Friday, 5 April 2013

Henderson Island Rats: nil desperandum

One of the most disappointing pieces of news this year came from the RSPB (Royal Society for the Protection of Birds). The massive international effort in 2011 to rid the Pacific island, Henderson, a British possession in the Pitcairn group, of rats had not been successful. However, the reports indicate that the population had been greatly reduced and that the colonies of nesting seabirds were recovering as a result.

The Polynesian or Pacific rat (Rattus exulans) was introduced during the expansion of the Polynesians across the Pacific. Henderson was abandoned but the rats, identified as a major predator on nestling sea birds, remained. Quoting from the Henderson Island News (Issue 5):


Rats have had a devastating effect on the island, killing over 25,000 petrel chicks a year and driving the Henderson petrel towards extinction. Seabirds, which would have numbered in the millions before rats arrived, have beenreduced to just 40,000 pairs. Rats have also been limiting the populations of other endemic bird species, altered the forest through seed consumption, and preyed upon marine turtle hatchlings and Henderson’s unique invertebrate populations. 

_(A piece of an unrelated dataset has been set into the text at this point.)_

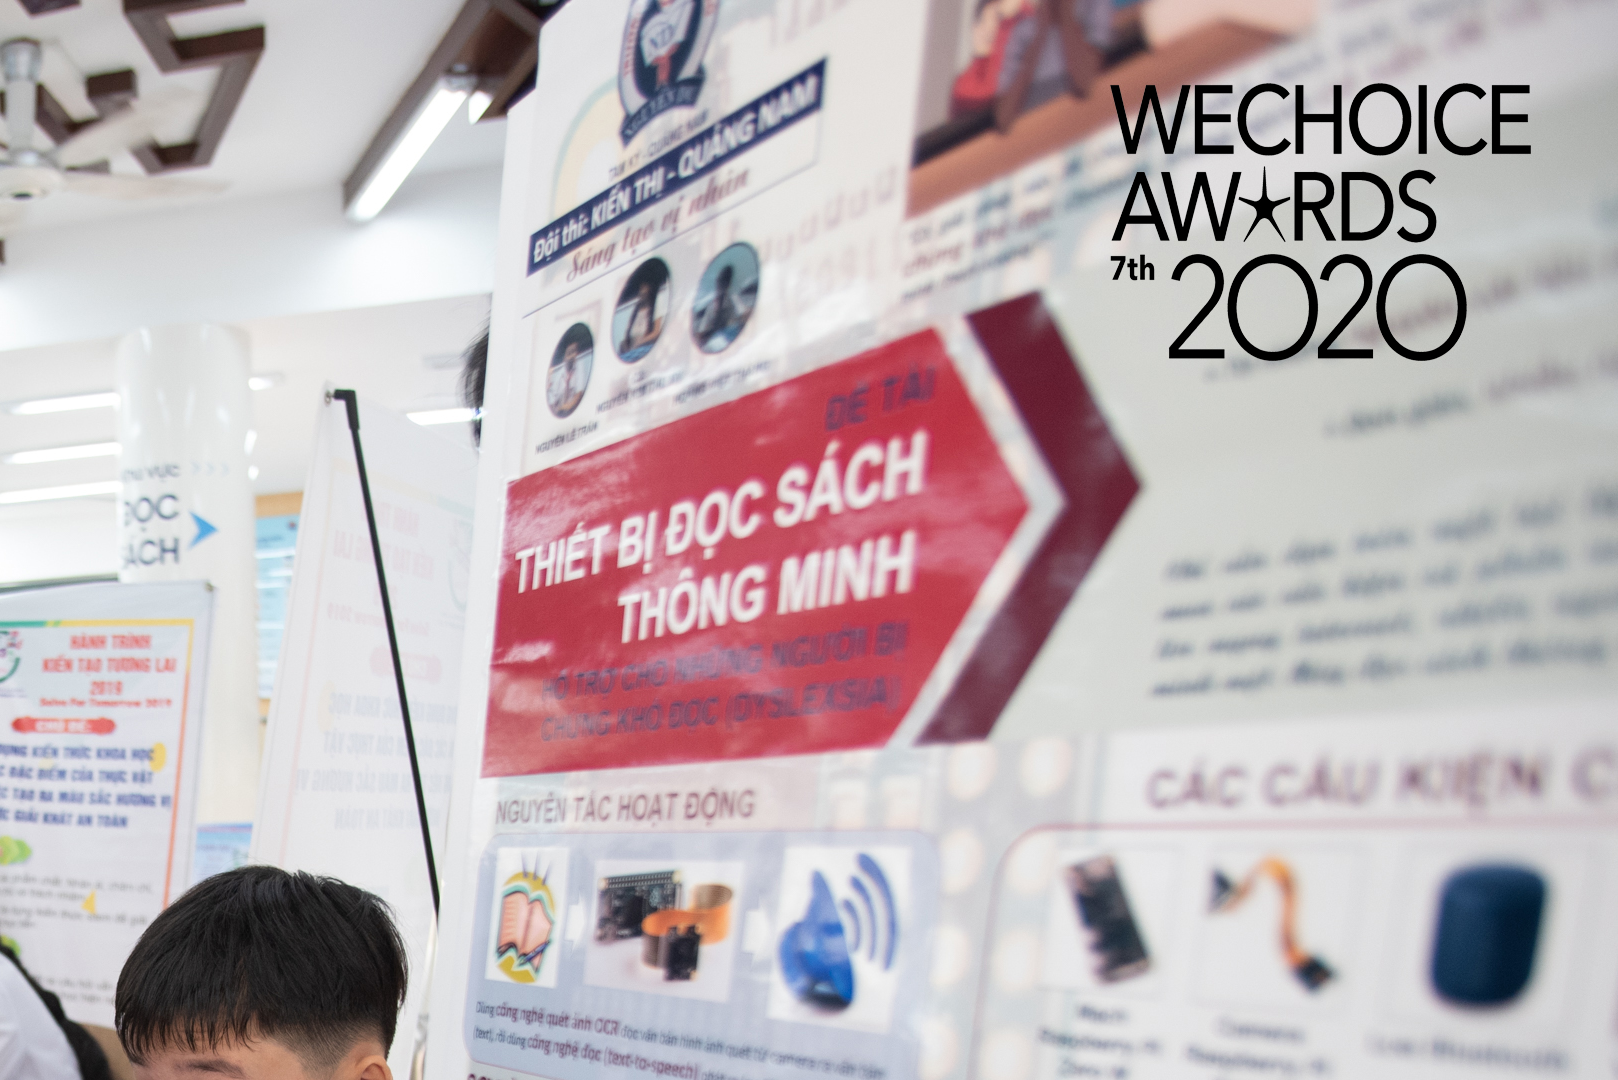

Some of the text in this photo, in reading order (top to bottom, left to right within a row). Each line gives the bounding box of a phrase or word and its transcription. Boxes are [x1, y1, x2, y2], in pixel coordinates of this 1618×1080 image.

The job of covering the island 43 square km in area with rodenticide (while capturing, holding (and breeding) Henderson rails in captivity until the exercise had been completed) while operating a long way from everywhere was a very great effort and attracted financial support from around the world, as well as from the UK government.

We visited Henderson on October 2010 on MV Clipper Odyssey during a Noble Caledonia Expedition Cruise from Easter Island to Tahiti. By the time we got to Henderson we had visited Ducie Atoll, also in the Pitcairns, now apparently rat free, with its incredible seabird colonies but no land birds. Henderson has its few land birds and some seabirds but in nothing like the numbers on Ducie. While looking in the undergrowth behind the beach we saw a rat and I managed to get a few seconds of video footage. It clearly had not read the information on this species stating that it is nocturnal.



I hope efforts to remove the rats will continue at this World Heritage Site and that those who provided financial support (including many individual RSPB members and expedition cruise passengers and the travel company Zegrahm Expeditions, as well as government and other charities) will continue to do so. Just seeing the contrast between Ducie and Henderson was enough for me to conclude: ...whatever it takes.